_Exercise goal_.
Copy the data below exactly, but not the pictures it contains.

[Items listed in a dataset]
--------------------------------------------------
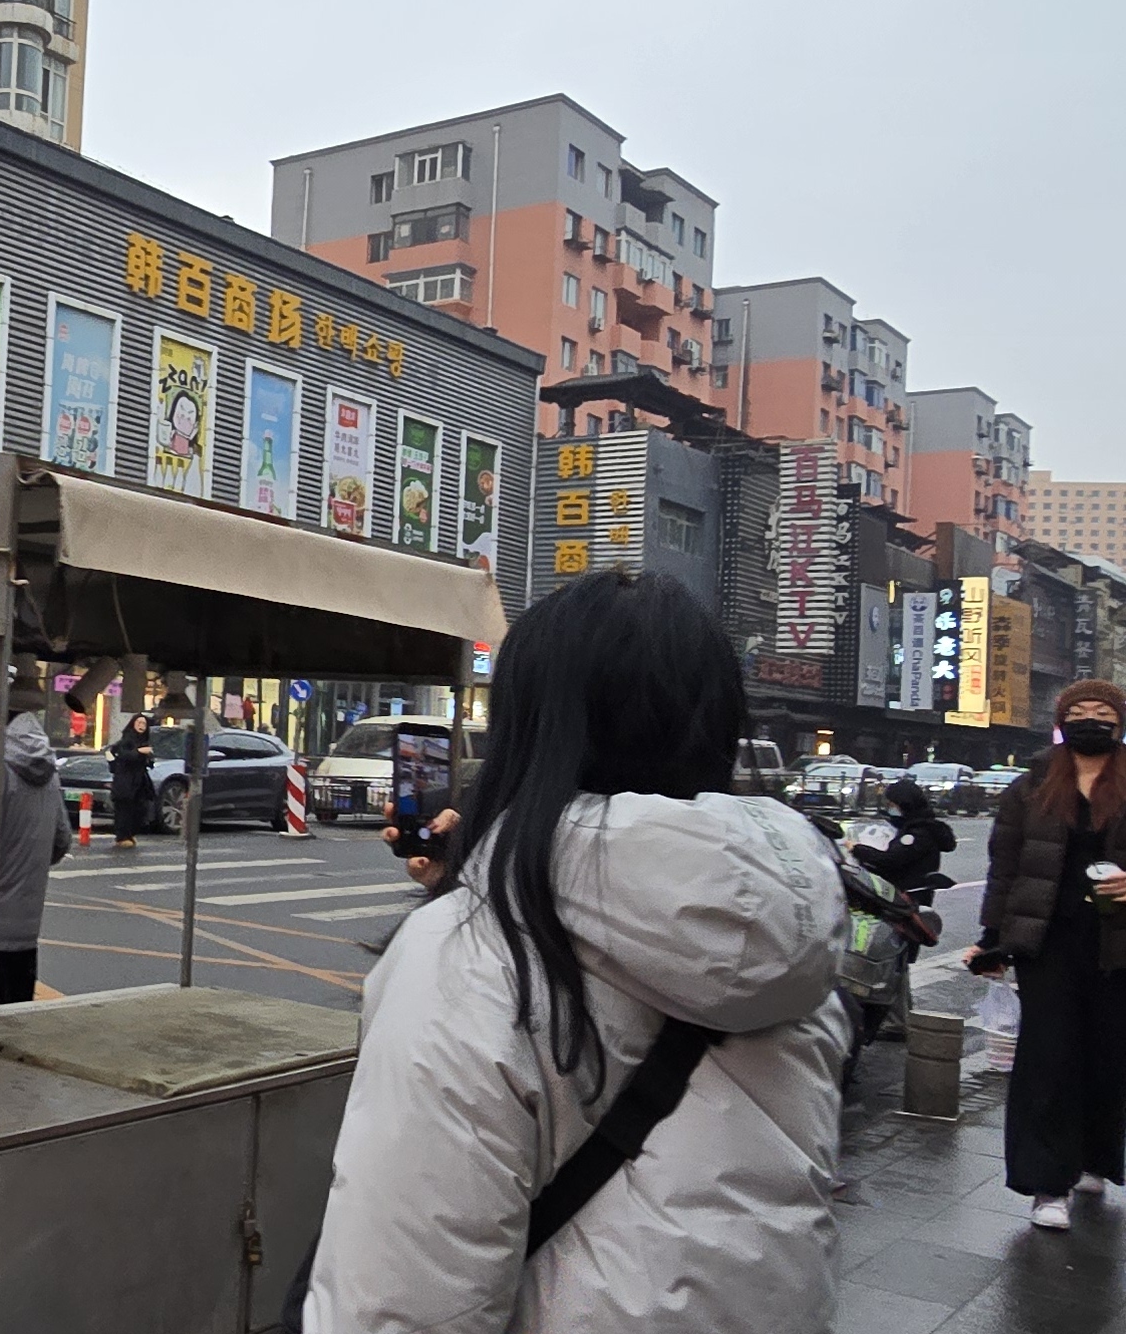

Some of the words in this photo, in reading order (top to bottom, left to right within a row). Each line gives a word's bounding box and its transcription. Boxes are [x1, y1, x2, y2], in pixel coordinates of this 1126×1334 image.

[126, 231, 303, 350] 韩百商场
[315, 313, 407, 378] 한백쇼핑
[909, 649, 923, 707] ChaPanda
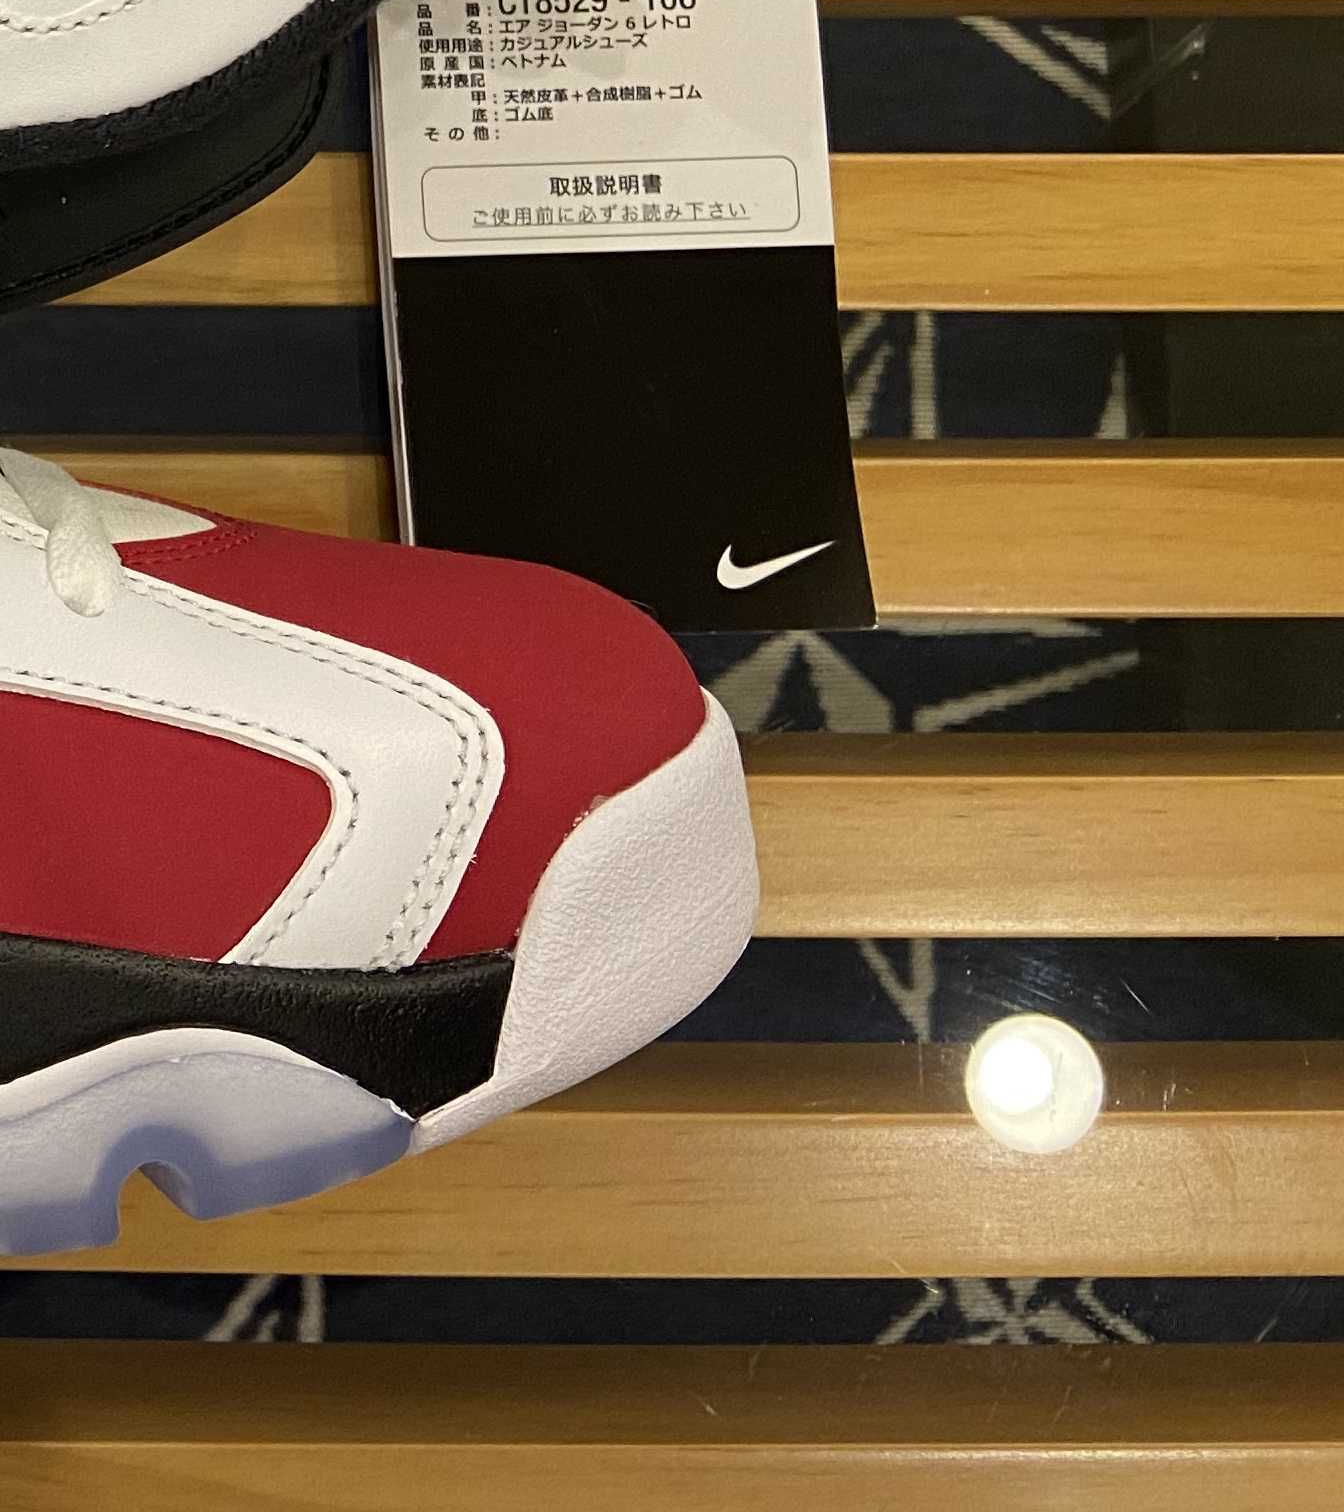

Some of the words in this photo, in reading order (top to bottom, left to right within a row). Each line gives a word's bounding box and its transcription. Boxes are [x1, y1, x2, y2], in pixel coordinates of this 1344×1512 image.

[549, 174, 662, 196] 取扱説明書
--------------------------------------------------
_Answer box_.
Some of the words in this photo, in reading order (top to bottom, left to right within a row). Each line gives a word's bounding box and its transcription. Boxes are [x1, y1, x2, y2], in pixel coordinates of this 1126×1334 image.

[126, 231, 303, 350] 韩百商场
[315, 313, 407, 378] 한백쇼핑
[909, 649, 923, 707] ChaPanda

Some of the words in this photo, in reading order (top to bottom, left to right within a row). Each line gives a word's bounding box and its transcription. Boxes are [x1, y1, x2, y2], in pixel coordinates of this 1344×1512 image.

[549, 174, 662, 196] 取扱説明書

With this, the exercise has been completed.